Todos nós observamos o próximo e fazemos avaliações com base em nossos gostos e valores e muitas vezes julgamos as pessoas pela maneira que acreditamos ser a melhor para nós. Dentro de uma empresa, todos observam todos, todos avaliam todos, todos colocam todos em paredões cobertos de referências e, assim, acabam julgando cada um de maneira totalmente diferente do que julgam uma outra pessoa de suas relações. Prova de que julgamentos são avaliações muito particulares e que podem ser prejudiciais dentro de uma sociedade, principalmente nas menores.

Existe em todas as sociedades uma grande competição, que, embora não declarada, ocorre todos os dias. Essas competições são confusas: por não serem declaradas, não há regras nem objetivos claros, e muito menos juízes. Às vezes os competidores brigam por determinadas posições que nada têm a ver com o jogo, pois os anseios muitas vezes diferem.

Assim como as competições são veladas, os resultados também são, e é nesse momento que a influência da conquista isolada de uma competição começa a afetar as percepções da sociedade, pois a vitória funciona como um divisor de águas, seja para uma pessoa física, seja para uma jurídica. A vitória traz com ela o prazer, a euforia do ego, a auto-segurança, o aumento da convicção, mas, paralelamente, sem que o campeão perceba, muitas vezes traz a arrogância, o sentimento de superioridade. O nariz empina, a voz engrossa, o peito incha… e de maneira natural, pois nossas reações são naturais e instantâneas.

Após todas essas transformações, existe algo que também muda muito, que é a percepção do próximo. E de maneira natural mudam também os julgamentos. Ser imune às mudanças comportamentais diante das vitórias e das derrotas é algo que necessita de muita atenção e autocrítica.

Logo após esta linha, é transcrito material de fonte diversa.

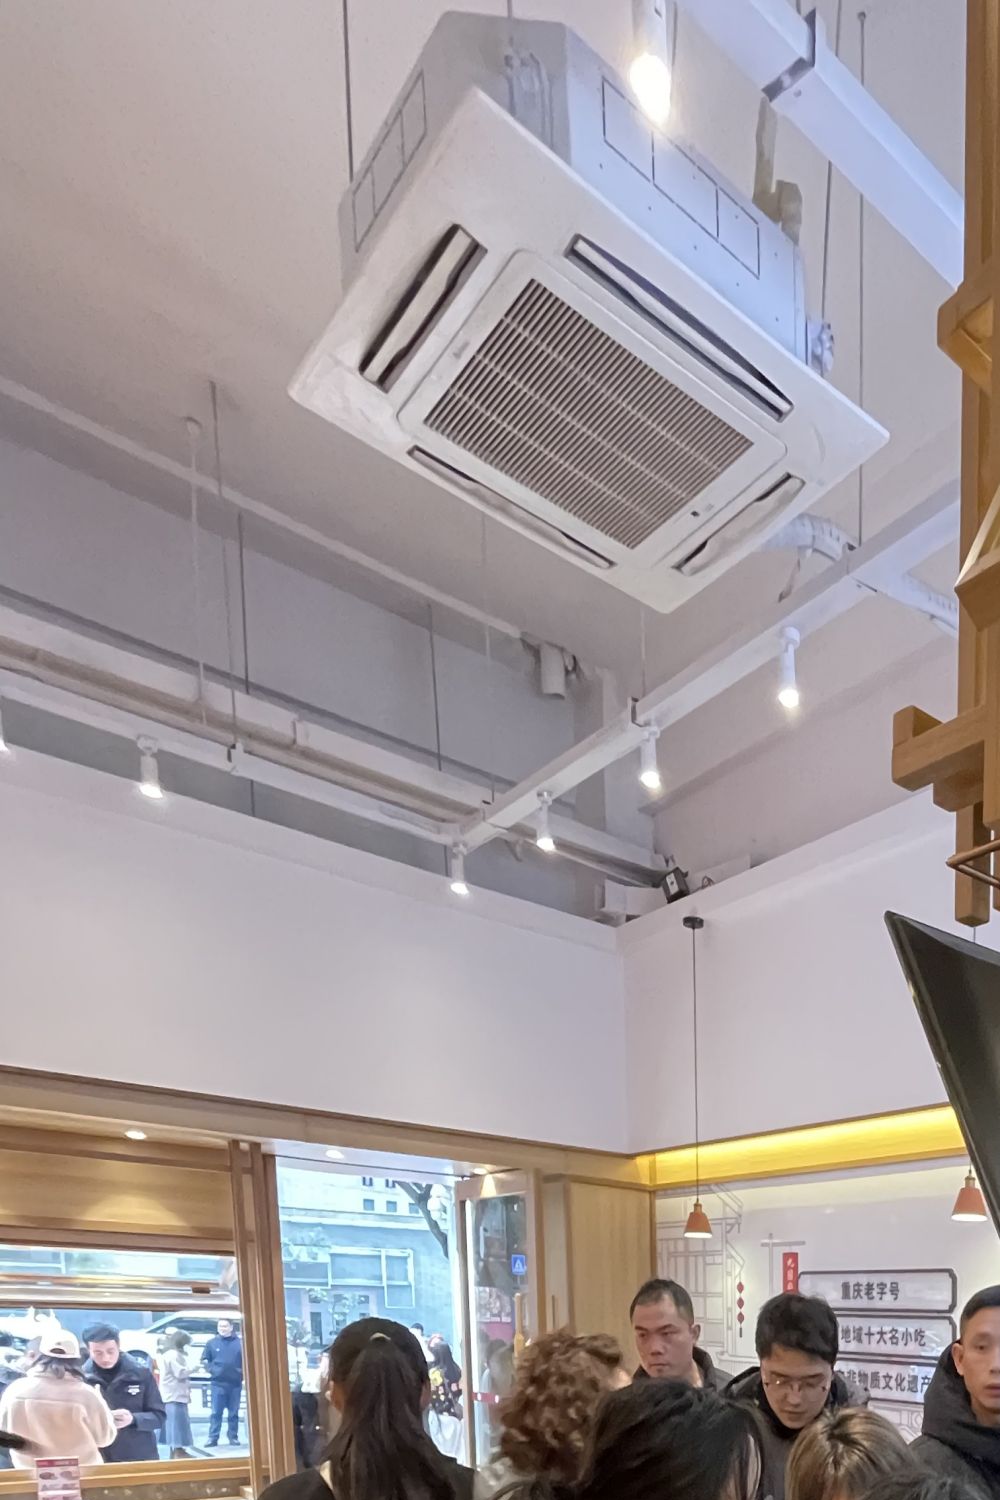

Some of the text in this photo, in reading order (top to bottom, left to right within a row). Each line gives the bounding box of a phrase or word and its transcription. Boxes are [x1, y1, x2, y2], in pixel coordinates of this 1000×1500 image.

[841, 1281, 900, 1301] 重庆老字号
[840, 1325, 926, 1347] 地域十大名小吃
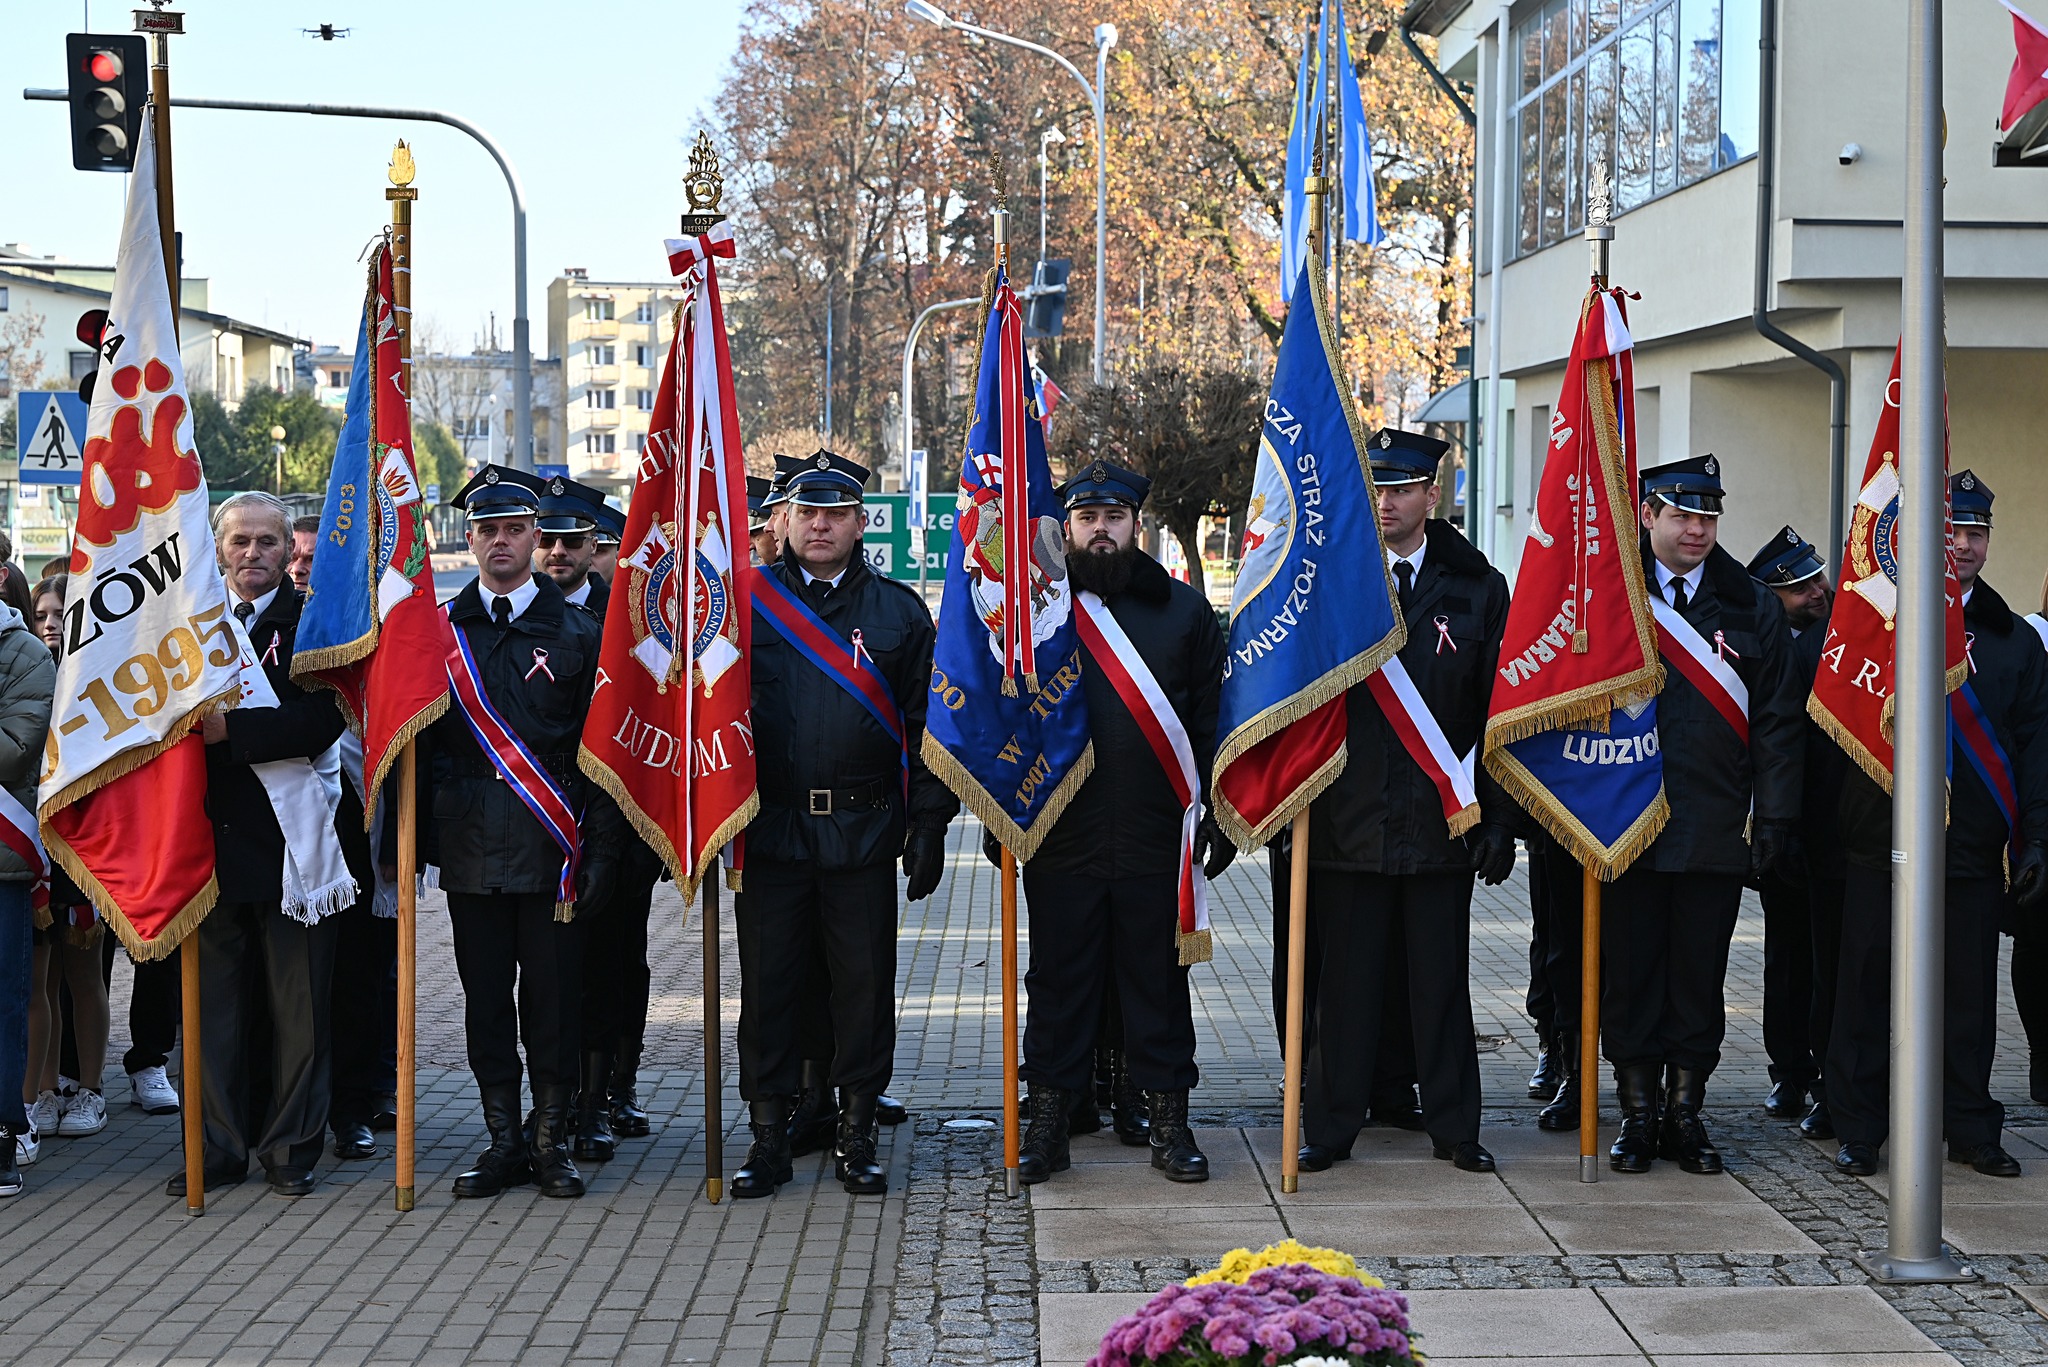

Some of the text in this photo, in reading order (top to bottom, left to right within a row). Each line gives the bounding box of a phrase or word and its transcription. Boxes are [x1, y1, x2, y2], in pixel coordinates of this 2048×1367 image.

A grande e única verdade é que somos humanos, com características e reações semelhantes. A vida nos proporciona estudar e aprender com a sucessão de fatos e acontecimentos que deflagram em nós todos os tipos de reações e percepções. Vivenciar esse aprendizado com atenção e tirar dele grandes lições é o nosso desafio.

Refletir sobre esse assunto pode ser um bom exercício para o nosso desenvolvimento e amadurecimento. Coloque-se no paredão, ao invés de colocar o próximo. Se a competição, as regras e as conquistas são veladas, fique atento para que suas atitudes e decisões não agridam os outros.

A grande virtude do GANHADOR é voltar a se sentir um LUTADOR, e não um CAMPEÃO. Quanto mais um LUTADOR ganha, mais respeitosa deve ser sua LUTA.

Cuidar das reações imediatas é cuidar das percepções alheias.